Material for the task:
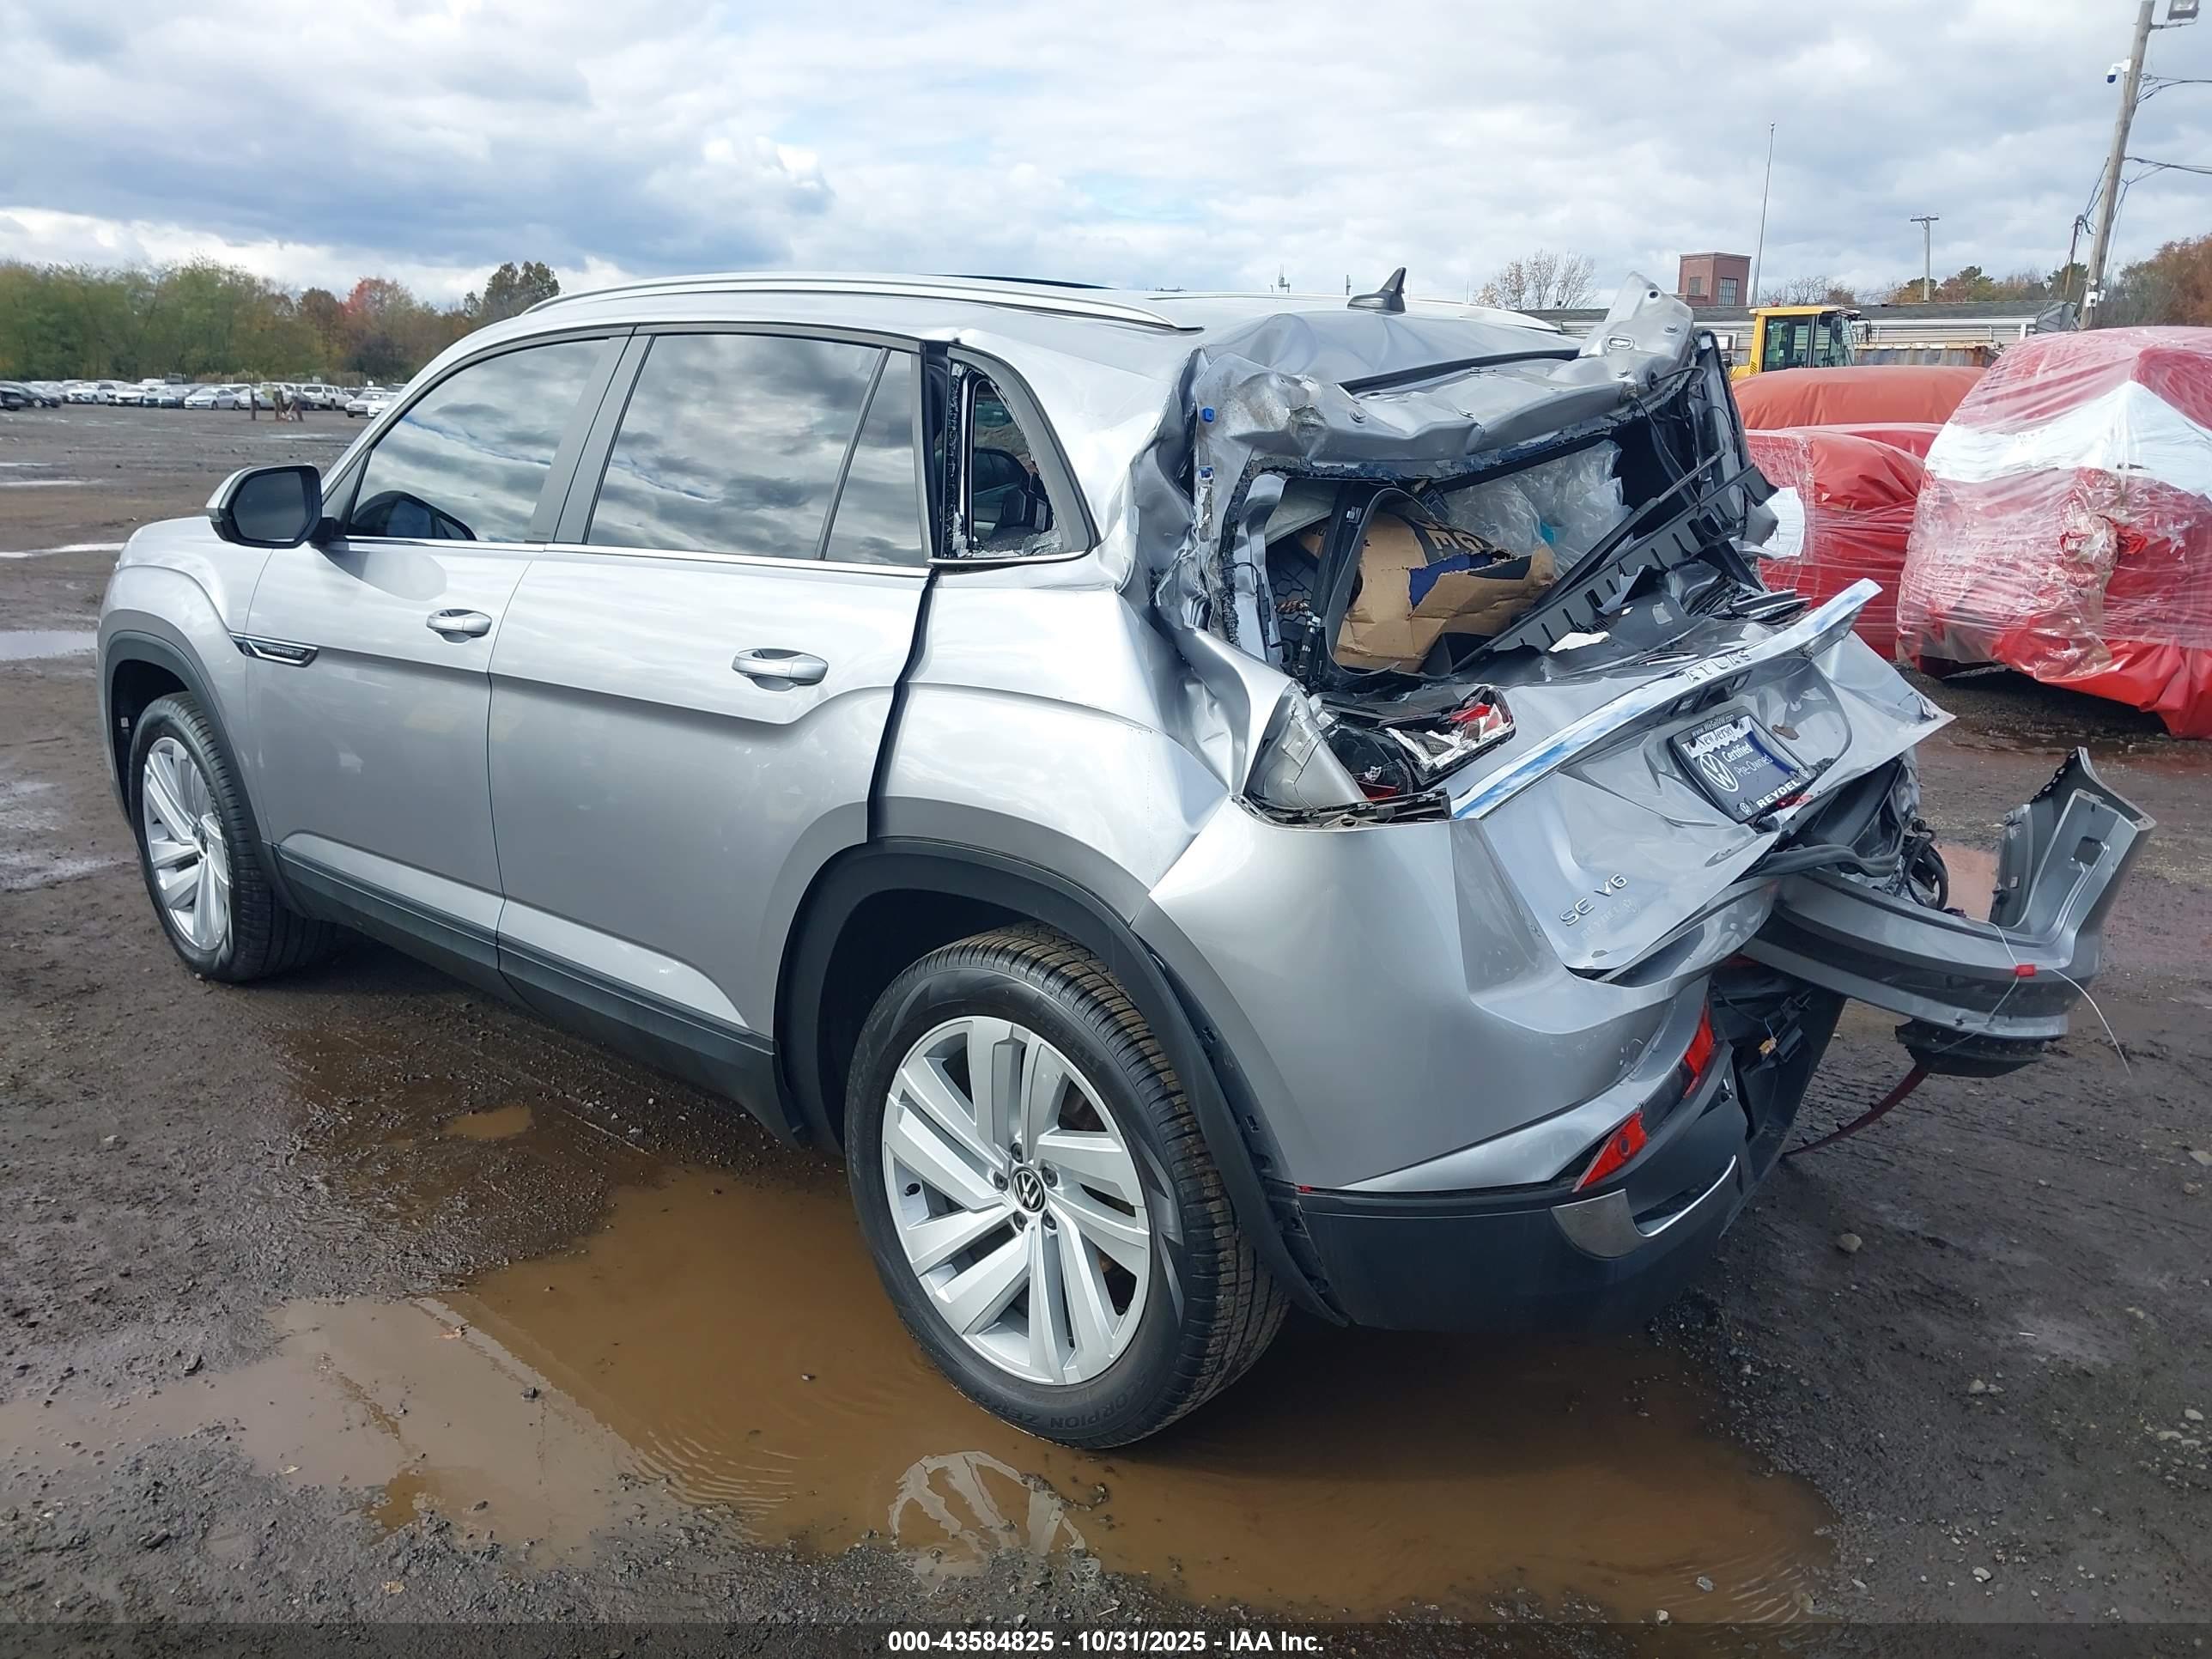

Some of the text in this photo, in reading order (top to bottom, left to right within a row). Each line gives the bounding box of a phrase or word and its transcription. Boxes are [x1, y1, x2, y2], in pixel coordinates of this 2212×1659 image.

[1684, 650, 1753, 683] ATLAS
[1697, 726, 1734, 749] New Jersey
[1722, 741, 1753, 763] Certified
[1734, 752, 1773, 777] Pre-Owned
[1699, 753, 1739, 792] VW
[1756, 780, 1802, 808] REYDEL
[1559, 897, 1595, 927] SE
[1594, 873, 1628, 897] V6

What you should do: Repeat the records above exactly, leaving out any pictures they contain.

Output of the task:
Some of the text in this photo, in reading order (top to bottom, left to right within a row). Each line gives the bounding box of a phrase or word and its transcription. Boxes are [x1, y1, x2, y2], in pixel coordinates of this 2212×1659 image.

[1684, 650, 1753, 683] ATLAS
[1697, 726, 1734, 749] New Jersey
[1722, 741, 1753, 763] Certified
[1734, 752, 1773, 777] Pre-Owned
[1699, 753, 1739, 792] VW
[1756, 780, 1802, 808] REYDEL
[1559, 897, 1595, 927] SE
[1594, 873, 1628, 897] V6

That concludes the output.